That's a bit of an exaggeration. The moon was not replaced, simply joined. Saturn resided right beside it, great and glowing, and filling the night sky with its vast expanse. It blinded the stars. However, the fact that people panicked is not exaggerated.

Half of the population believed that the end of the Earth was coming. The others scrambled to join as many religions as they could.

Me?

I was not panicked. When you wake up every day believing you'll die, things like this don't seem to scare you much. For me, the slowly approaching planet was another obstacle to face. Another sadness. Another weight on my own shoulders.

So I continued my life, watching people run in circles around me. Trying to escape their doom... But the problem is, there is no way to escape an entire planet. "How can you be so calm?!" they shouted around me. "The world is ending!"

"My world is always ending," I usually replied.

And I almost began to feel love for the planet. The planet that approached us night after night. I thought maybe the disasterous, rising, ocean levels were a thing of beauty. The melting ice, and the shifting of the planet, as the gravity tugged at it, was like a transformation.

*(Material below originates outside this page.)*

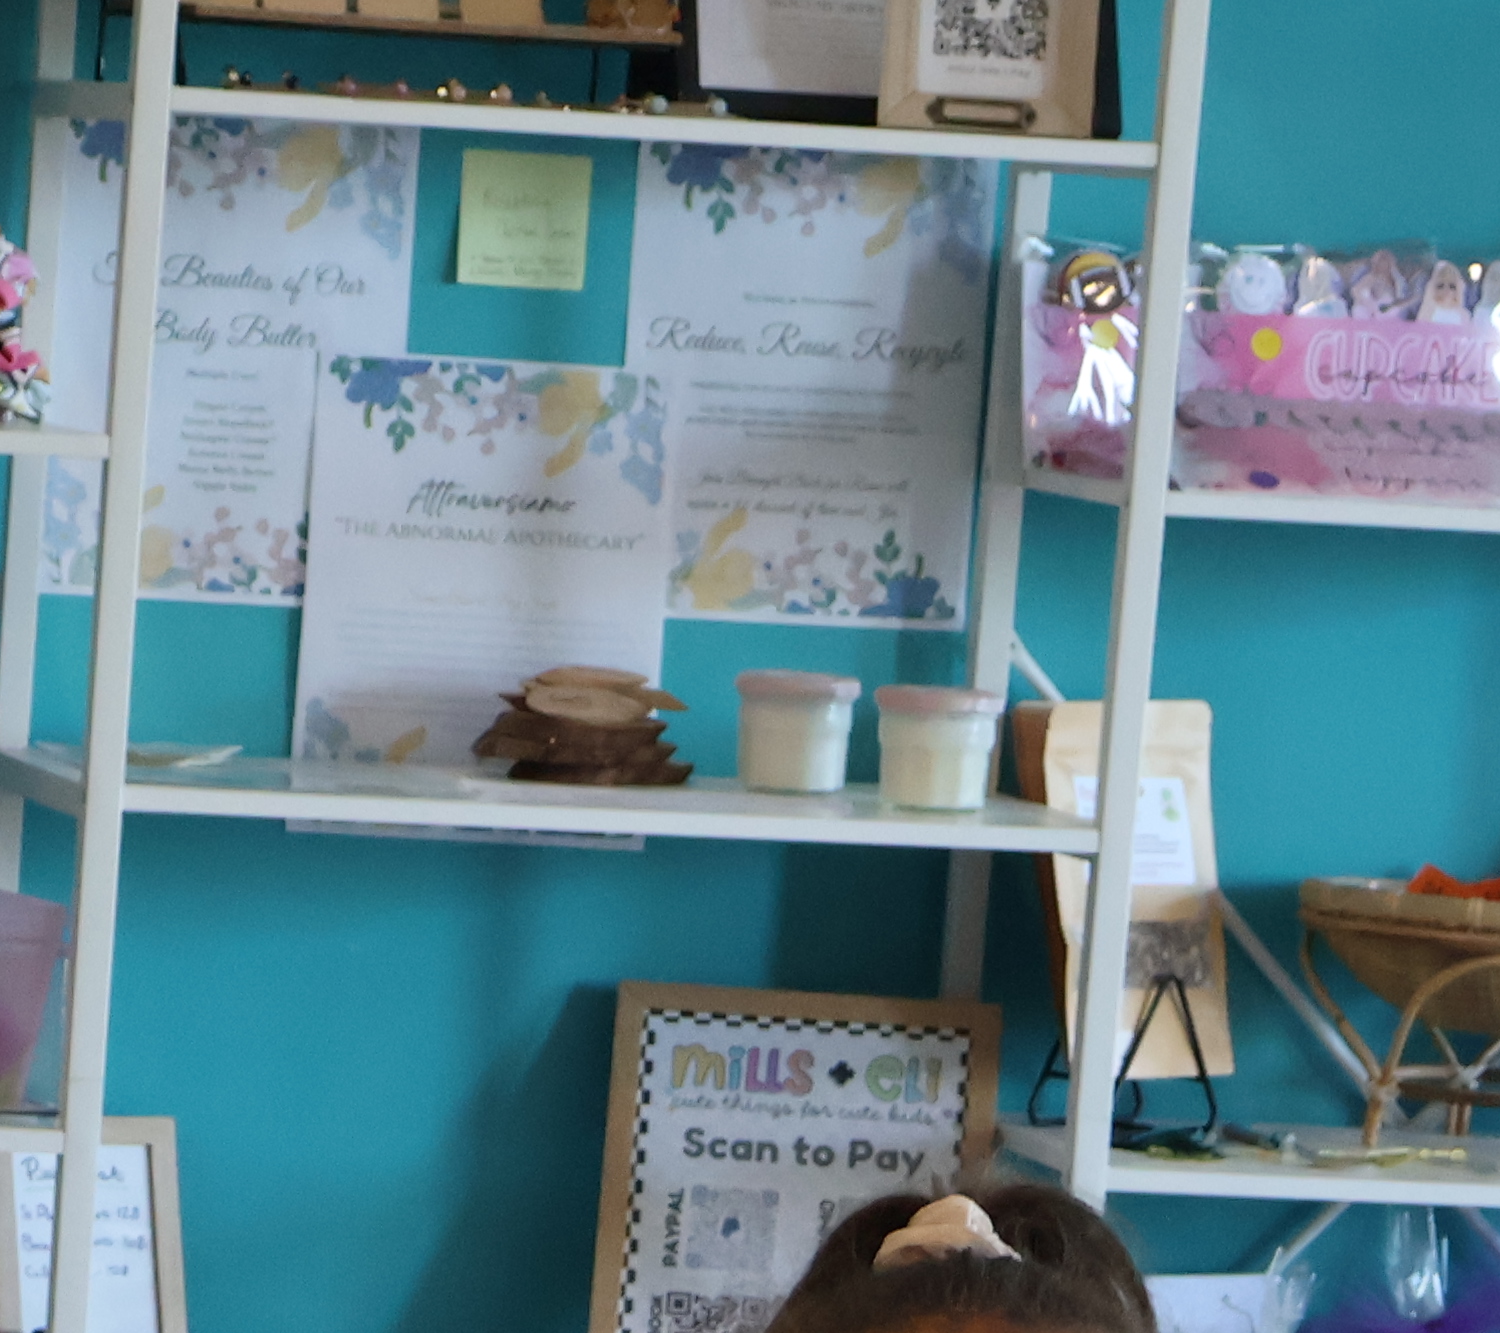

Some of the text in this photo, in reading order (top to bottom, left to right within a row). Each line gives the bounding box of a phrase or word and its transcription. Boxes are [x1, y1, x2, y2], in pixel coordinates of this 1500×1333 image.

[281, 265, 310, 305] of
[683, 1127, 925, 1178] Scan to Pay
[662, 1186, 684, 1269] PAYPAL

Saturn glowed purple, grey, white, and rusty. The rings continued to circle around it as usual, and if I squinted, I could begin to make out asteroids flying past the Earth. The planet seemed so large, and gentle, and beautiful. It was hard to imagine it plowing into this world, destroying ages of technology, memory, and human life.


It was enough to make you sad. I found myself turning away from humans during this time. It was too painful to know that those frightened eyes you looked into would soon be specks of star, floating through the universe. But I thought it was kind of beautiful too.

People didn't seem to notice me when I was falling victim to the dark parts of my thoughts. After all, depression is a danger we have grown to ignore. But now that we were faced with tangible fate... they thought I was different.


Courageous, I suppose.

On this particular night, I was on the roof, facing my murderer.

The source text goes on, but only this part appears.